Wang Yunlong, Deng Xuan, Qiu Qinggui, Wan Mengchao
Department of Oncology, Jiangxi Provincial People's Hospital, The First Affiliated Hospital of Nanchang Medical College, Nanchang, China.
Department of Outpatient, Jiangxi Provincial People's Hospital, The First Affiliated Hospital of Nanchang Medical College, Nanchang, China.
Front Oncol. 2024 Jul 12;14:1431023. doi: 10.3389/fonc.2024.1431023. eCollection 2024.

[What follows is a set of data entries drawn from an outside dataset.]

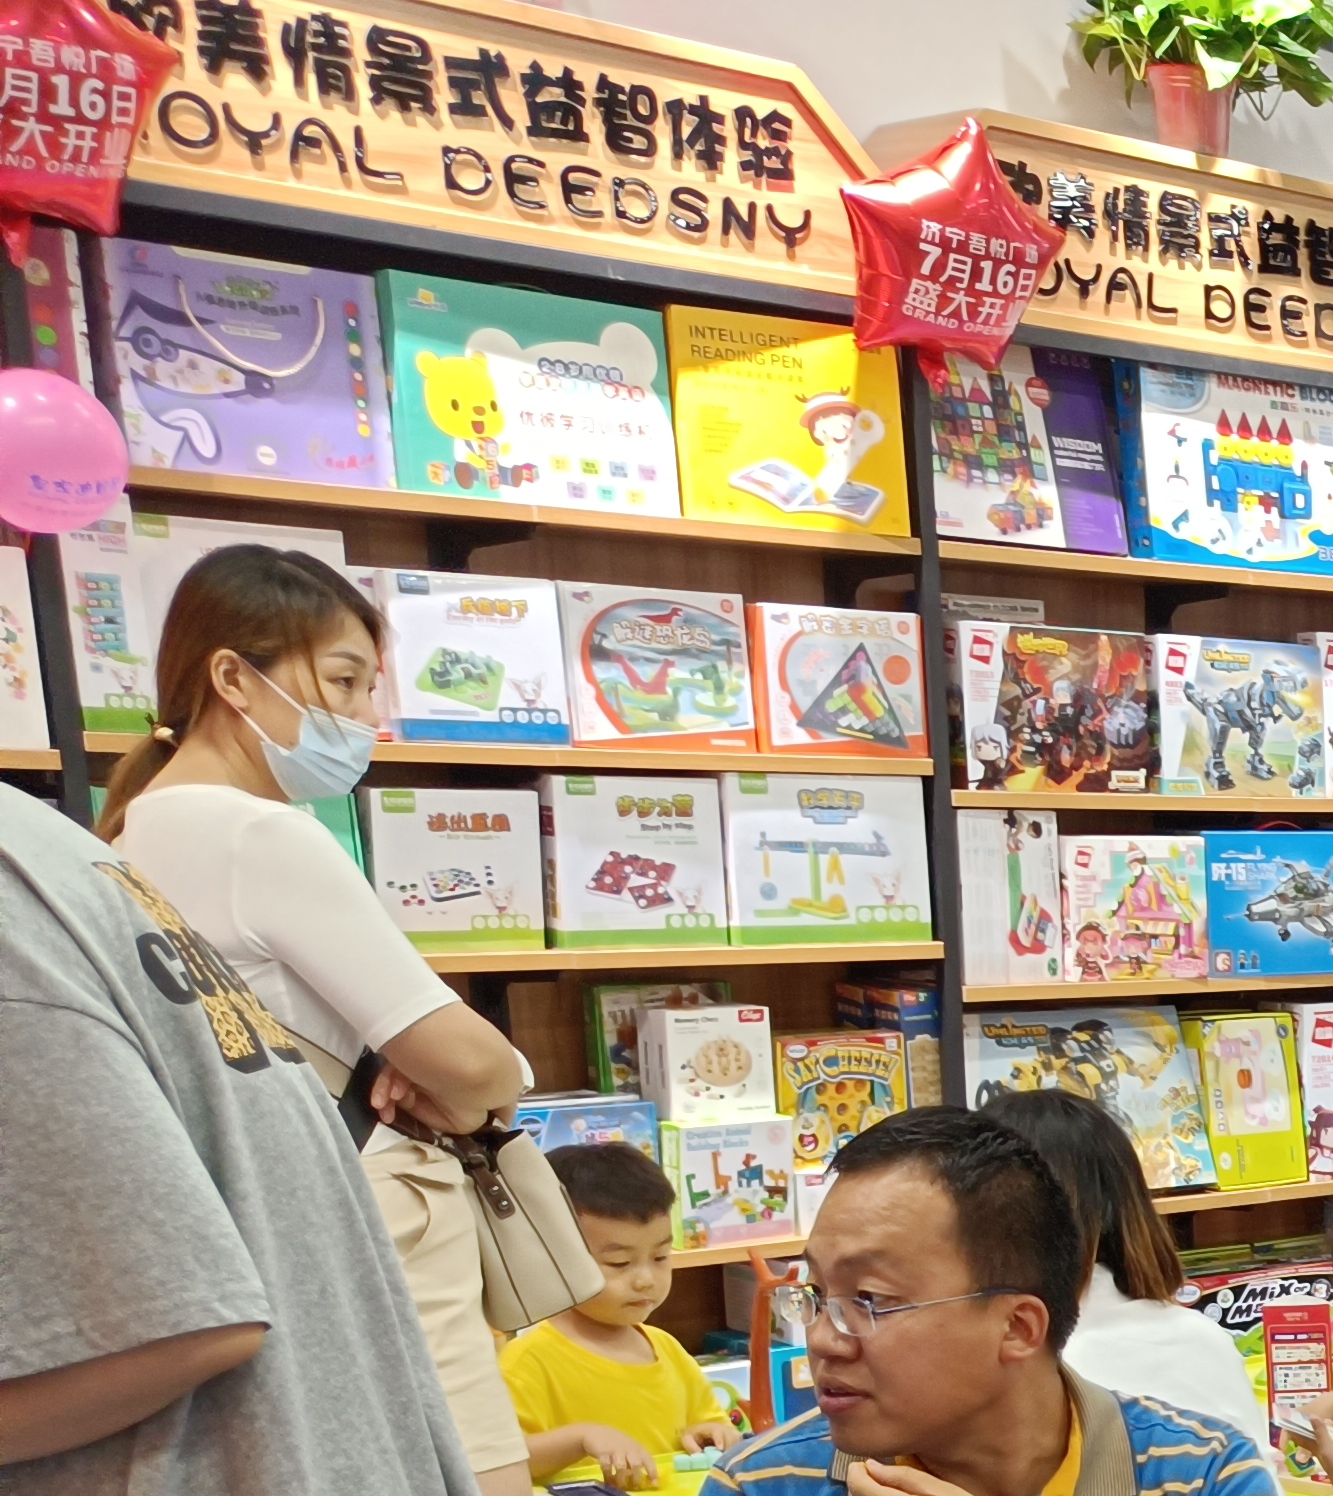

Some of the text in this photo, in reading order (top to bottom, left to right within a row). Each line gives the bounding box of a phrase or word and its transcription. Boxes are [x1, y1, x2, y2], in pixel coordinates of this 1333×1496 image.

[0, 116, 131, 164] 大开业
[141, 89, 812, 250] OYAL DEEDSNY
[919, 243, 1036, 297] 7月16日
[902, 305, 958, 329] GRAND
[904, 278, 1028, 328] 盛大开业
[689, 325, 799, 350] INTELLIGENT
[690, 344, 803, 369] READING PEN
[1216, 374, 1296, 399] MAGNETIC
[782, 1047, 901, 1088] SAY CHEESE!

To investigate the risk factors associated with cardiotoxicity in patients with non-small cell lung cancer (NSCLC) treated with osimertinib.
A total of 268 patients with NSCLC treated with osimertinib in our hospital from June 2019 to December 2023 were selected to observe the occurrence of cardiotoxicity and were divided into cardiotoxicity group and non-cardiotoxicity group. The differences in age, gender, body mass index (BMI), smoking, alcohol consumption, tumor stage, hypertension, diabetes, hyperlipidemia, chemotherapy, radiotherapy, antiangiogenic drugs, and osimertinib treatment time were recorded and analyzed. Logistic regression was used to analyze the risk factors for cardiotoxicity in patients with non-small cell lung cancer caused by osimertinib treatment.

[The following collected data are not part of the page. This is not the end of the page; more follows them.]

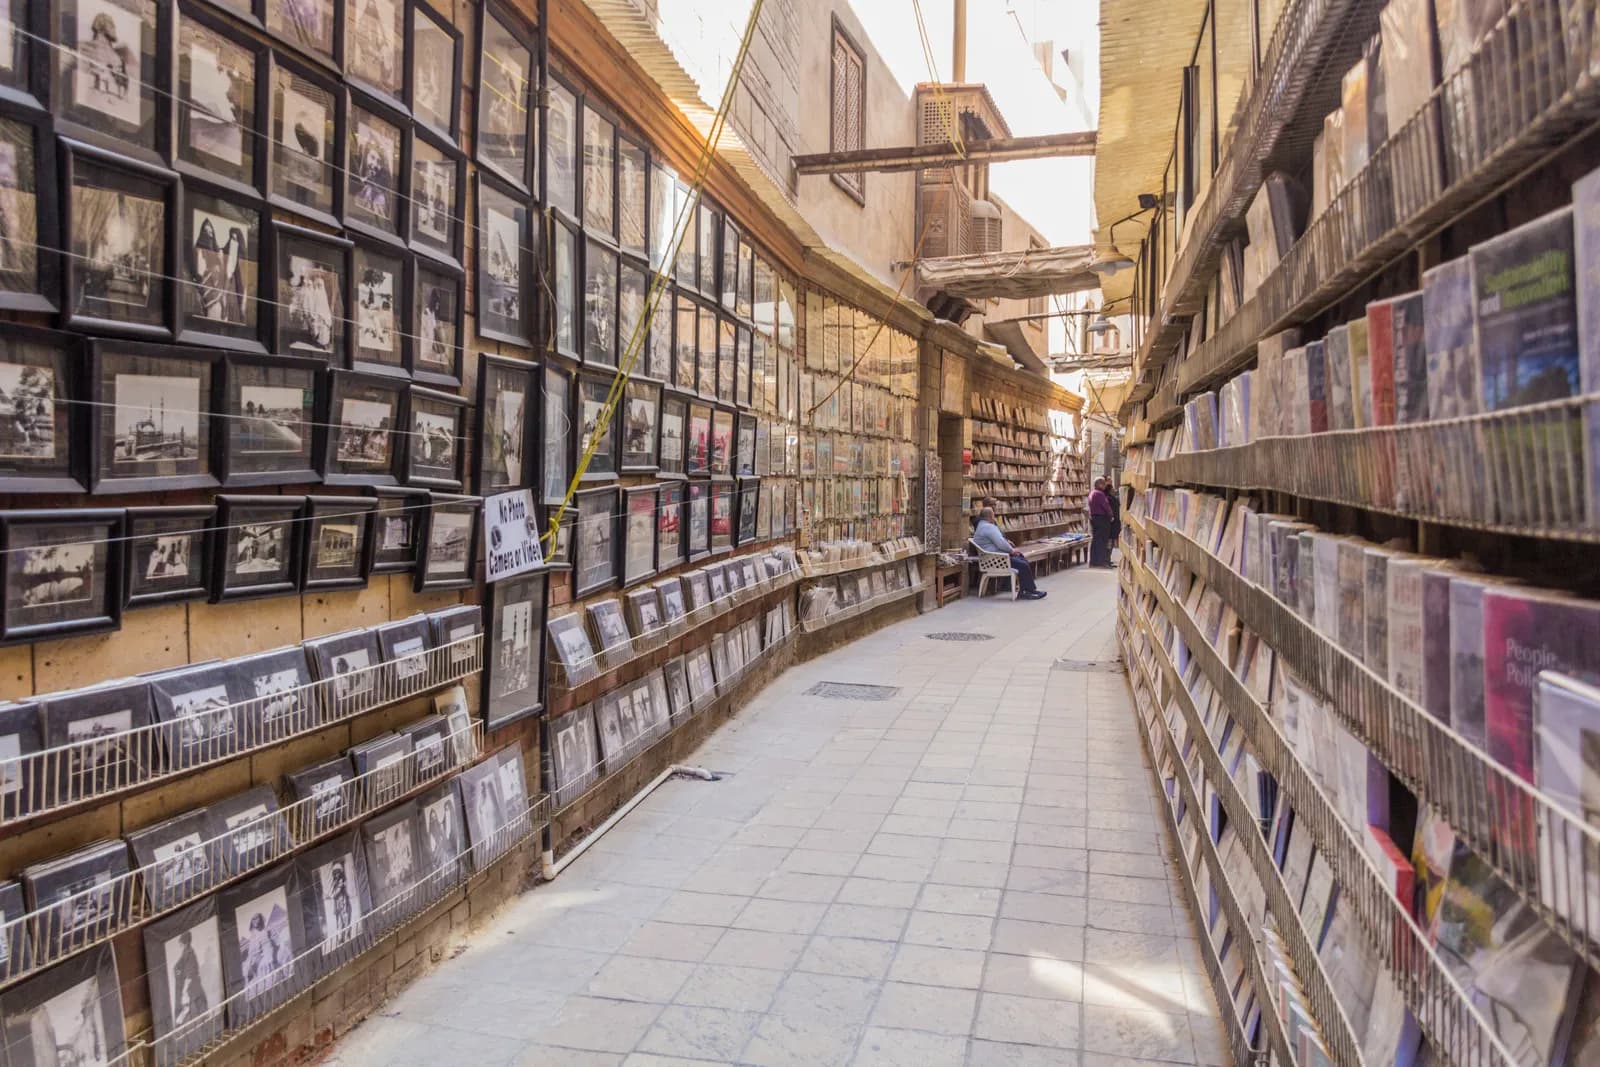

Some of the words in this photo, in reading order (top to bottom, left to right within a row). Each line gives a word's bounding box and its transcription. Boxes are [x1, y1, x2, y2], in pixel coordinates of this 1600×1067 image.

[499, 500, 507, 524] No
[508, 497, 525, 520] Photo
[489, 550, 514, 575] Camera
[514, 548, 522, 567] or
[521, 540, 541, 564] Video

Among the 268 patients with NSCLC treated with osimertinib, 58 patients developed cardiotoxicity, and the incidence of cardiotoxicity was 21.64%. There were statistically significant differences between the cardiotoxicity group and the non-cardiotoxicity group in terms of smoking history, hyperlipidemia history, combined chemotherapy, and combined radiotherapy (P < 0.05). Further analysis showed that patients with a smoking history were at increased risk of cardiotoxicity compared with non-smoking patients (OR = 2.569, 95% CI = 1.398-6.523). Patients with hyperlipidemia were at increased risk of cardiotoxicity compared with those without hyperlipidemia (OR = 3.412, 95% CI = 2.539-7.628). Patients with chemotherapy were at increased risk of cardiotoxicity compared with those without combination chemotherapy (OR = 2.018, 95% CI = 1.426-4.517). Patients undergoing radiotherapy to the left chest were at increased risk of cardiotoxicity compared with those without combined radiotherapy (OR = 1.629, 95% CI = 1.273-4.206).
The incidence of cardiotoxicity in patients with NSCLC is high due to osimertinib treatment. A history of smoking, hyperlipidemia, combination chemotherapy, and radiotherapy to the left chest are independent risk factors for cardiotoxicity in patients with NSCLC treated with osimertinib.
探讨奥希替尼治疗非小细胞肺癌(NSCLC)患者发生心脏毒性的相关危险因素。
选取2019年6月至2023年12月在我院接受奥希替尼治疗的268例NSCLC患者,观察心脏毒性的发生情况,并分为心脏毒性组和非心脏毒性组。记录并分析两组患者的年龄、性别、体重指数(BMI)、吸烟、饮酒、肿瘤分期、高血压、糖尿病、高脂血症、化疗、放疗、抗血管生成药物及奥希替尼治疗时间的差异。采用Logistic回归分析奥希替尼治疗所致非小细胞肺癌患者发生心脏毒性的危险因素。
在268例接受奥希替尼治疗的NSCLC患者中,58例发生心脏毒性,心脏毒性发生率为21.64%。心脏毒性组与非心脏毒性组在吸烟史、高脂血症病史、联合化疗及联合放疗方面差异有统计学意义(P<0.05)。进一步分析显示,有吸烟史的患者发生心脏毒性的风险高于不吸烟患者(OR=2.569,95%CI=1.398-6.523)。有高脂血症的患者发生心脏毒性的风险高于无高脂血症者(OR=3.412,95%CI=2.539-7.628)。接受化疗的患者发生心脏毒性的风险高于未接受联合化疗者(OR=2.018,95%CI=1.426-4.517)。接受左胸放疗的患者发生心脏毒性的风险高于未接受联合放疗者(OR=1.629,95%CI=1.273-4.206)。
奥希替尼治疗NSCLC患者心脏毒性发生率较高。吸烟史、高脂血症、联合化疗及左胸放疗是奥希替尼治疗NSCLC患者发生心脏毒性的独立危险因素。